Nyoman mengatakan, untuk kasus penghentian layanan Bolt, lini bisnis First Media yang lainnya masih bisa men-support kinerja bisnisnya. Sehingga, hingga saat ini, pihak bursa hanya sebatas memonitor lini bisnis First Media yang lainnya, apakah berjalan dengan baik atau tidak.
"Jadi, pada saat kita mendengar atau mendapat informasi, kita lihat dulu dari kontribusi di laporan keuangan. Setelah itu, tanyakan ke mereka berapa persen kontribusi, sampai kita bisa pastikan dari sisi going concern," kata Nyoman.
(Baca: Tawarkan SIM Card Gratis, Smartfren Ambil Alih Pelanggan Bolt)
Nyoman menjelaskan, setiap perusahaan tercatat bisa saja menghentikan bisnisnya untuk sementara waktu atau suatu saat menambah lini bisnis baru. Hal terpenting yang harus bursa pastikan yaitu apakah perusahaan tersebut apakah masih memiliki pendapatan atau tidak ketika ada lini bisnis yang dihentikan.
Menurut laporan keuangan yang diterbitkan pada akhir September 2018, 75,08% pendapatan bisnis First Media berasal dari bisnis layanan jasa internet atau internet service provider (ISP) dan layanan komunikasi data. Pendapatan dari lini bisnis tersebut sebesar Rp 571,7 miliar dari total Rp 761,5 miliar.
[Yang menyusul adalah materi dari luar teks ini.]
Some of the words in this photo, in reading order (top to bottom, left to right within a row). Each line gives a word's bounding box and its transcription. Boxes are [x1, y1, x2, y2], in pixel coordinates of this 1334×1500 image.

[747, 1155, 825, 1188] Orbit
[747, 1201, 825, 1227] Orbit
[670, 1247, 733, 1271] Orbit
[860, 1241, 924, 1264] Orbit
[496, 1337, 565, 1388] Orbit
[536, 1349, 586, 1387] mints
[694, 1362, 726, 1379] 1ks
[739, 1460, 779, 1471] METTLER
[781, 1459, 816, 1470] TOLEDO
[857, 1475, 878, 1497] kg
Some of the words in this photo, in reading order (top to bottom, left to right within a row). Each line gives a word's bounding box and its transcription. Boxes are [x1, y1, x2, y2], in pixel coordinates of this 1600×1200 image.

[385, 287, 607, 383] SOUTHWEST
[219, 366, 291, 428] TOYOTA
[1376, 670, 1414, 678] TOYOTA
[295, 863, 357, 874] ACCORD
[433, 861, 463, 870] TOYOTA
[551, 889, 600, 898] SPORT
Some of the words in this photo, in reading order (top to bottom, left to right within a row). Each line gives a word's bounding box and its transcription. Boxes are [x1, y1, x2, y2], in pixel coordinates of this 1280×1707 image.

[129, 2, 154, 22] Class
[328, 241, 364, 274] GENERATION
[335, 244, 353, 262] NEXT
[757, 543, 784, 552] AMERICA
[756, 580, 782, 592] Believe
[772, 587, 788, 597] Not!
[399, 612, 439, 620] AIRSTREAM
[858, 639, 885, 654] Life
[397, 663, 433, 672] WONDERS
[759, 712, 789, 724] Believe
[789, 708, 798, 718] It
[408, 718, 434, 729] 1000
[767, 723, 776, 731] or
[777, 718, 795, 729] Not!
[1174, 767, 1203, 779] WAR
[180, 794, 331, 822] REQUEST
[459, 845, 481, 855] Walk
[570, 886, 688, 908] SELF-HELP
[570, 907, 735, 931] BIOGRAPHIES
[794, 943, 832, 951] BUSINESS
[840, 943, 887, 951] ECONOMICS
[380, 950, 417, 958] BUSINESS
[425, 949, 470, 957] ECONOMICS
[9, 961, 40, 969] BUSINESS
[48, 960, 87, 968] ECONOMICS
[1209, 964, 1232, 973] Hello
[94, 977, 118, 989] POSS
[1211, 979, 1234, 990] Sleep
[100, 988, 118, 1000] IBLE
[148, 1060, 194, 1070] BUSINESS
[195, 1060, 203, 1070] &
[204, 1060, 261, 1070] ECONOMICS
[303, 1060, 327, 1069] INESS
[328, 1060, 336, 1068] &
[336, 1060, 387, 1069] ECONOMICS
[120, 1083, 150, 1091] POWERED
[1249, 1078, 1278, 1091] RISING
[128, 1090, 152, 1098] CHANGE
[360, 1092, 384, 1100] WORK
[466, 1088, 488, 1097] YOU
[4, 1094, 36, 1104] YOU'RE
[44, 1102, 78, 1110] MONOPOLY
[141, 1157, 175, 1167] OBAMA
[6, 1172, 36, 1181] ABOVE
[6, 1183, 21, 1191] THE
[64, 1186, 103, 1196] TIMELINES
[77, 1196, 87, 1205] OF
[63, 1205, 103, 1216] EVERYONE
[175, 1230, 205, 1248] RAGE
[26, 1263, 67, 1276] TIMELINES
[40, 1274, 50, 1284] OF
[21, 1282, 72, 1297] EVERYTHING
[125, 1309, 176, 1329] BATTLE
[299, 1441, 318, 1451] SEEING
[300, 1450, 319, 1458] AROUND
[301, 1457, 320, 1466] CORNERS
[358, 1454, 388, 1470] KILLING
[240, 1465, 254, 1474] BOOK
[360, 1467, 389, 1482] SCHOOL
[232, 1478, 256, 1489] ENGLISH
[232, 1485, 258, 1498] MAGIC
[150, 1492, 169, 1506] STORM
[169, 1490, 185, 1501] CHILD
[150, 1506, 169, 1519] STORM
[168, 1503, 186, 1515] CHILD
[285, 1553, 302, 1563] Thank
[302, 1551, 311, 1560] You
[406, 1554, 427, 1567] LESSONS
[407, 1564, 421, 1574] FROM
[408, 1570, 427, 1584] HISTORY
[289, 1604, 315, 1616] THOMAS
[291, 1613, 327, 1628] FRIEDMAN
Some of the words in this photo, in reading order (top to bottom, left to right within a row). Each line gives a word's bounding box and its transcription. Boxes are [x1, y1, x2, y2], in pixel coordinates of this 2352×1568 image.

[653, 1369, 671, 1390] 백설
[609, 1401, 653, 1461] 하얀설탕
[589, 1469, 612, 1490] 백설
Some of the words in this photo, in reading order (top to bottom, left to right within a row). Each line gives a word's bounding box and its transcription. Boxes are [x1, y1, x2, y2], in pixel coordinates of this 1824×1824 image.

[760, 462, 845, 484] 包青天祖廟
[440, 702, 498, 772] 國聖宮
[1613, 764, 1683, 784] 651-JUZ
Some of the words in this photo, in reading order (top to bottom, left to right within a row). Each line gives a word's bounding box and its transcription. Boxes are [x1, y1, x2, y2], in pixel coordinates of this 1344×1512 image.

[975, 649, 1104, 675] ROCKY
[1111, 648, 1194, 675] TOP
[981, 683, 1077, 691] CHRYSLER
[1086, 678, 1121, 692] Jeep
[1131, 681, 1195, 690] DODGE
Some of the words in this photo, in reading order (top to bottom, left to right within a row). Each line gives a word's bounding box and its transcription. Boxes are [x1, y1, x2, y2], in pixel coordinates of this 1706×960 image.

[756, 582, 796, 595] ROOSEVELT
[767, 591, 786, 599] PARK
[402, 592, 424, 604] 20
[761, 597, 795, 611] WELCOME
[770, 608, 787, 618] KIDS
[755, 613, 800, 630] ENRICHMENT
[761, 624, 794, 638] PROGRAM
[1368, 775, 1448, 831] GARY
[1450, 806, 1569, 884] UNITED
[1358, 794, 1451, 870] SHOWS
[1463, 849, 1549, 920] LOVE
Sayangnya, dalam laporan keuangan tersebut, tidak dirinci pendapatan dari anak-anak usaha First Media.
Namun, dari 17 anak usaha First Media, lima di antaranya bergerak pada bidang yang masih berhubungan dengan bisnis utama First Media. Selain PT Internux, empat entitas anak lainnya yaitu PT Bintang Merah Perkasa Abadi, PT Delta Nusantara Networks, PT MSH Niaga Telecom Indonesia, dan PT Lynx Mitra Asia.